* [REQUIRED WORK]:
Pictures stay out; please output the remaining data exactly.

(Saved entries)
------------------------------------------------------------

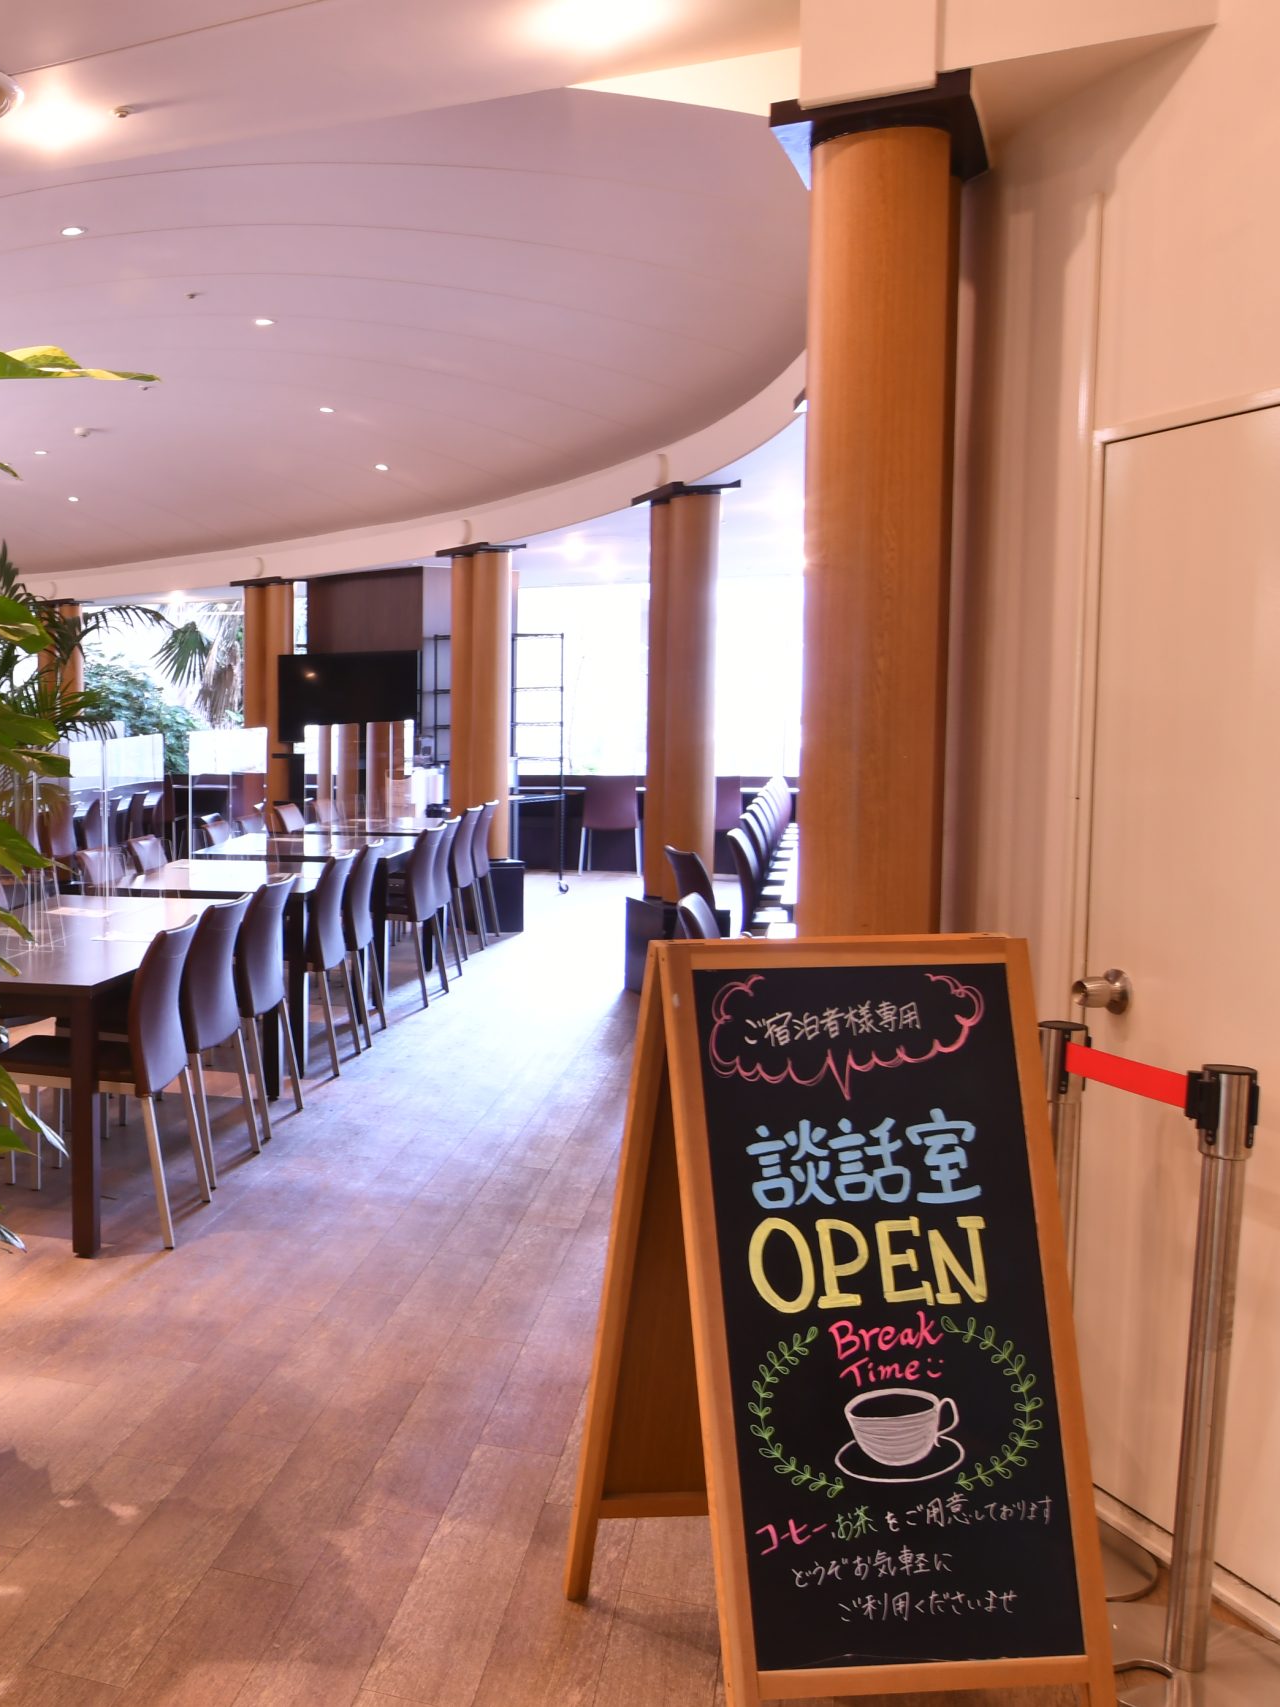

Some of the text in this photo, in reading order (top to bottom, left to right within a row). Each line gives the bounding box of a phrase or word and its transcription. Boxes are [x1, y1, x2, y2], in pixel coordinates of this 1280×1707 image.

[743, 1000, 922, 1047] ご宿泊者様専用
[745, 1107, 983, 1210] 談話室
[748, 1215, 989, 1314] OPEN
[827, 1310, 945, 1360] Break
[839, 1356, 922, 1388] Time
[791, 1544, 953, 1588] どうぞお気軽に
[838, 1588, 1019, 1623] ご利用くださいませ

------------------------------------------------------------

* [OUTPUT OF THE TASK]:
Some of the text in this photo, in reading order (top to bottom, left to right within a row). Each line gives the bounding box of a phrase or word and its transcription. Boxes are [x1, y1, x2, y2], in pixel coordinates of this 1280×1707 image.

[743, 1000, 922, 1047] ご宿泊者様専用
[745, 1107, 983, 1210] 談話室
[748, 1215, 989, 1314] OPEN
[827, 1310, 945, 1360] Break
[839, 1356, 922, 1388] Time
[791, 1544, 953, 1588] どうぞお気軽に
[838, 1588, 1019, 1623] ご利用くださいませ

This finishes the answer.